(Dataset entries)

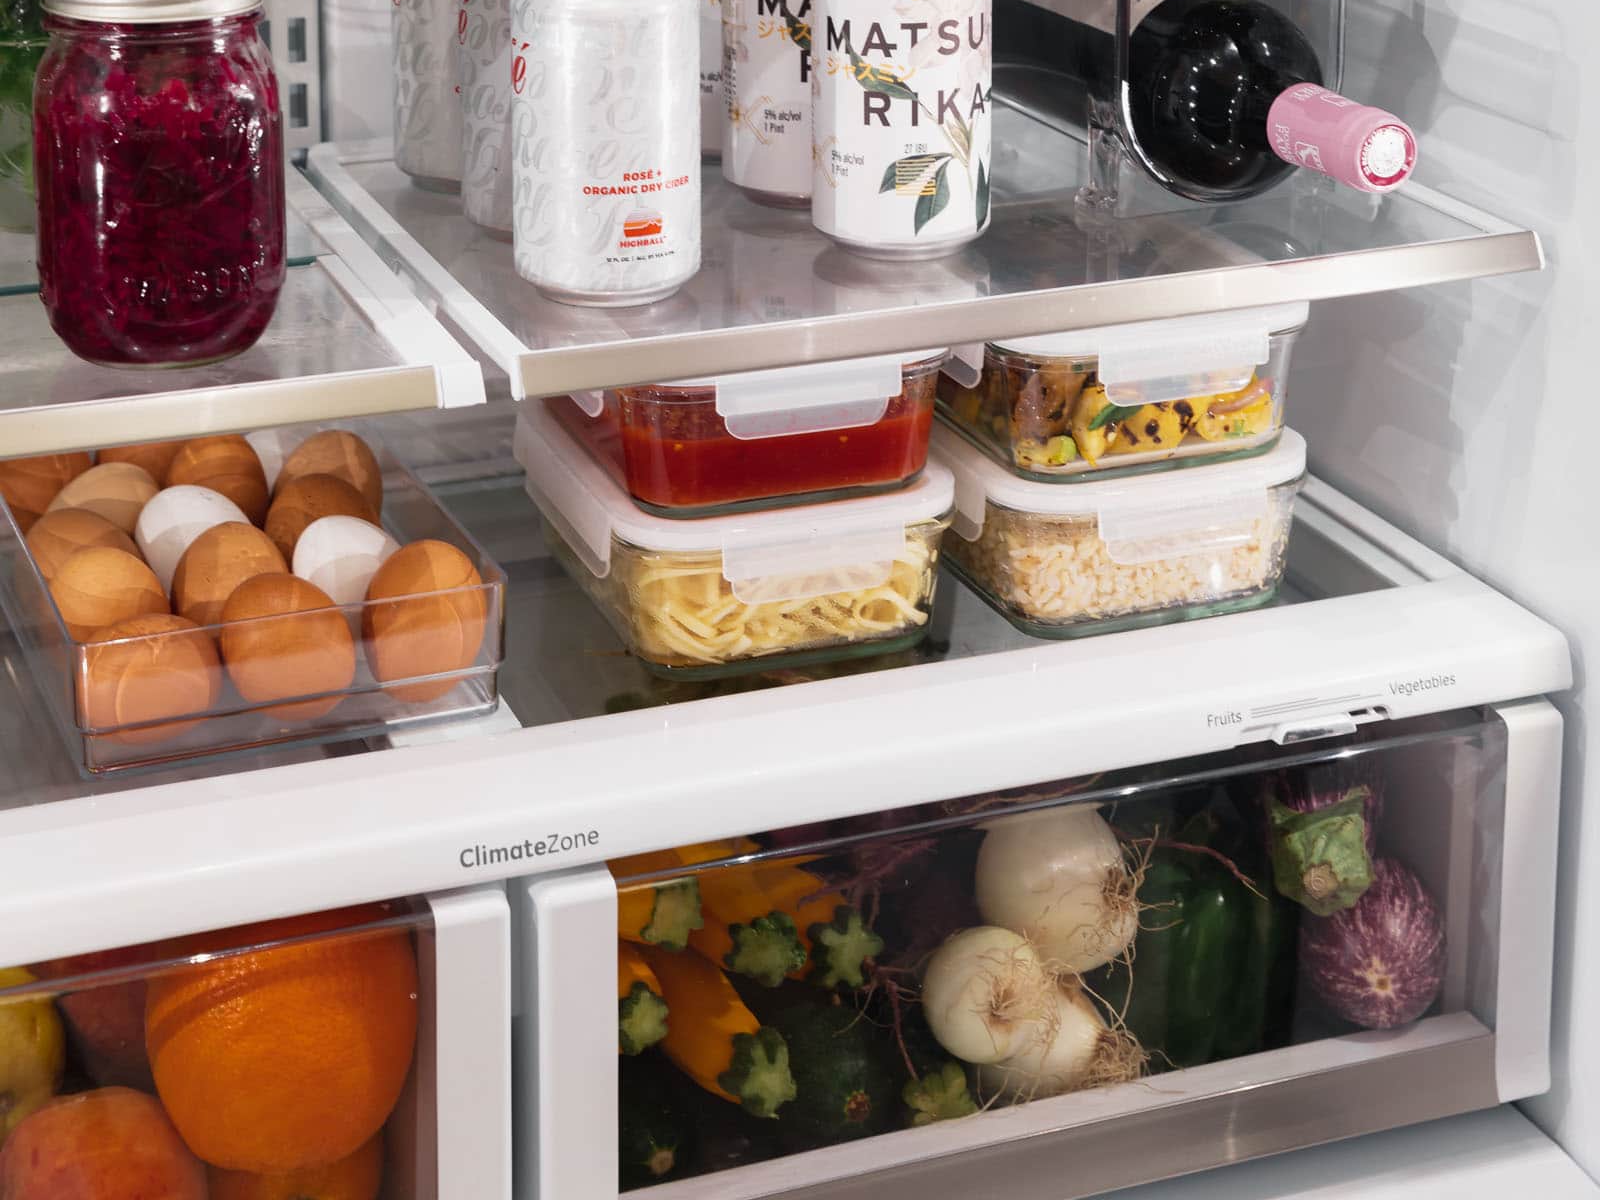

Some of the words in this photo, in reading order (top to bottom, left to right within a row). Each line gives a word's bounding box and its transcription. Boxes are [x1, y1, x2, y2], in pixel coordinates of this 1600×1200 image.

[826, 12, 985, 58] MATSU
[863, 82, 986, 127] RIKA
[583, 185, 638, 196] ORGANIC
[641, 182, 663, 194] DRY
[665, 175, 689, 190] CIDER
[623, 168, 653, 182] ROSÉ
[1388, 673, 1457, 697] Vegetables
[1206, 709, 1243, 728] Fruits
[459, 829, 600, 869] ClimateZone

• _WHAT YOU ARE ASKED TO DO_
Your copy of the entries should be exact and free of pictures.

• _SOLUTION TO THIS EXERCISE_
Some of the words in this photo, in reading order (top to bottom, left to right within a row). Each line gives a word's bounding box and its transcription. Boxes are [x1, y1, x2, y2], in pixel coordinates of this 1600×1200 image.

[826, 12, 985, 58] MATSU
[863, 82, 986, 127] RIKA
[583, 185, 638, 196] ORGANIC
[641, 182, 663, 194] DRY
[665, 175, 689, 190] CIDER
[623, 168, 653, 182] ROSÉ
[1388, 673, 1457, 697] Vegetables
[1206, 709, 1243, 728] Fruits
[459, 829, 600, 869] ClimateZone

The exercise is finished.